Nganampa Ngura, Our Country, 2013, acrylic on canvas. Collaborative painting by 13 artists: Wawiriya Burton, Ruby Williamson, Barbara Moore, Mary Katatjuka Pan, Nyurpaya Kaika Burton, Naomi Kantjuriny, Iluwanti Ken, Mona Mitakiki Shepard, Tjungkara Ken, Sylvia Ken, Katanari Tjilya, Maringka Tunkin and Paniny Mick.

From Little Things Big Things Grows brings together highlights from the Kluge-Ruhe Collection produced in the era of the modern land rights movement. In surveying six decades of artistic production, it shows the deeply personal ways in which individual artists relate to their lands and the innovative ways in which they express this continuing relationship. At the same time, it reveals the inextricable connection between art, identity and Indigenous people’s political desire to communicate their ownership of, and belonging to, places of their ancestors.

From Little Things Big Things Grow takes its name from the well-known song by Kev Carmody and Paul Kelly. The song pays tribute to Gurindji leader Vincent Lingiari, who in 1966 led Aboriginal cattle workers in a strike against the wealthy landowners of Wave Hill Station in the Northern Territory. In 1975, after eight years of strikes, Prime Minister Gough Whitlam returned a portion of land to the Gurindji people, symbolically pouring a handful of sand into Lingiari’s palm.

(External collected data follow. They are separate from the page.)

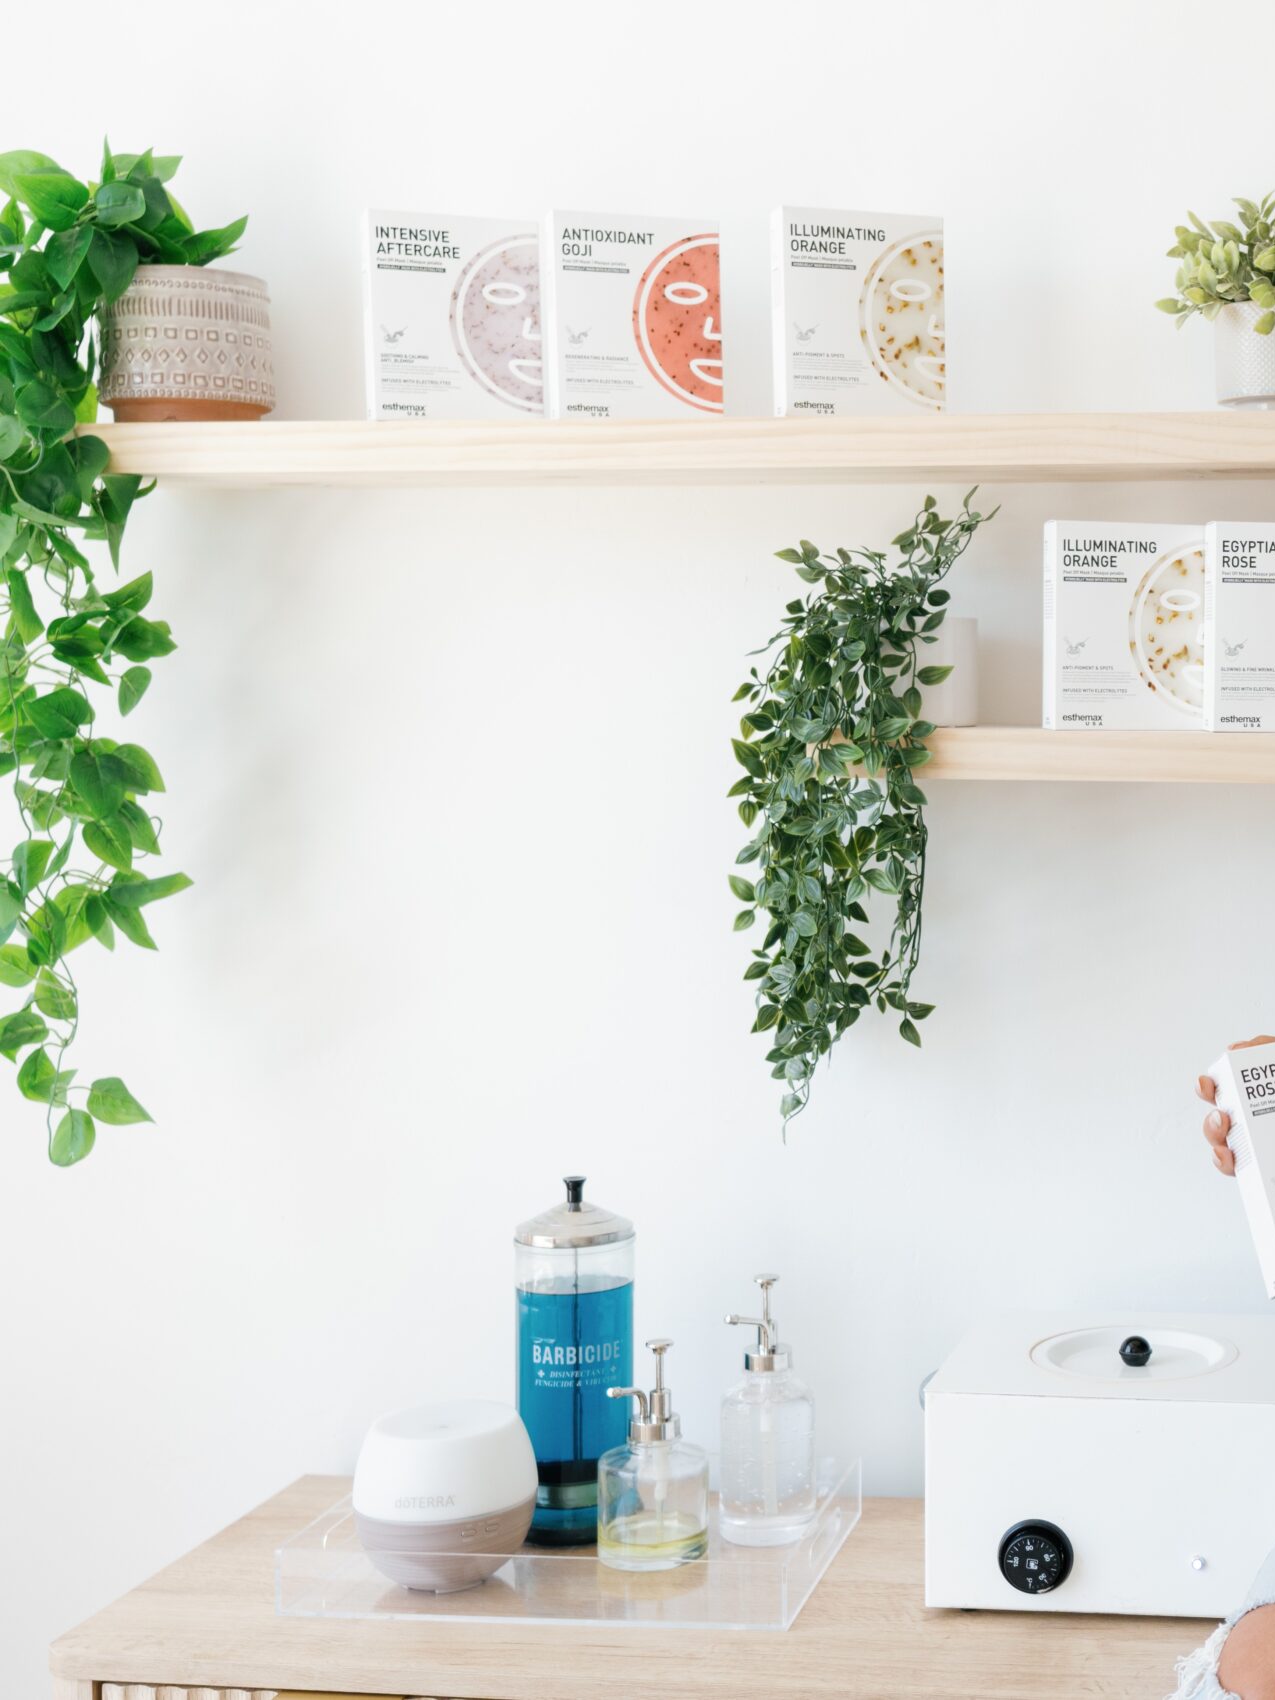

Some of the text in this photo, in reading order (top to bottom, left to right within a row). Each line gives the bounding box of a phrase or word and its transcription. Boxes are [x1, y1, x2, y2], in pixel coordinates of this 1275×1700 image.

[376, 226, 450, 243] INTENSIVE
[562, 228, 654, 245] ANTIOXIDANT
[791, 224, 885, 241] ILLUMINATING
[377, 242, 460, 259] AFTERCARE
[562, 244, 592, 256] GOJI
[791, 240, 846, 254] ORANGE
[383, 402, 425, 411] esthemax
[568, 404, 608, 413] esthemax
[795, 401, 834, 410] esthemax
[1063, 539, 1157, 553] ILLUMINATING
[1063, 555, 1117, 567] ORANGE
[1223, 556, 1256, 568] ROSE
[1063, 713, 1102, 722] esthemax
[1221, 715, 1260, 724] esthemax
[533, 1340, 621, 1365] BARBICIDE
[535, 1379, 573, 1388] FUNGICIDE

Many of the artists in From Little Things Big Things Grow were deeply involved in the struggle for land rights. Munggurrawuy Yunupingu, whose iconic work Ŋalarrwuy from 1961 is the oldest piece in the exhibition, was a signatory to the Yirrkala Bark Painting petition which marked a decisive turning point in Indigenous engagement with the Australian legal system. Other artists, such as Peter Marralwanga and Regina Pilawuk Wilson, were integral in the push to create autonomous Indigenous communities on the country of their ancestors.

Alongside the fight for political recognition, From Little Things Big Things Grows also tracks the growth of the Indigenous Australian art movement. Alongside some of the best known works in the Kluge-Ruhe Collection, by leading artists such as Emily Kame Kngwarreye and John Mawurndjul, the exhibition showcases a number of major new acquisitions from leading contemporary artists including Narputta Nangala, Queenie McKenzie, Steaphan Paton, Jenni Kemarre Martiniello and Angeline Ngal. These important gifts help Kluge-Ruhe to tell the continuing story of one of the world’s most important contemporary art movements.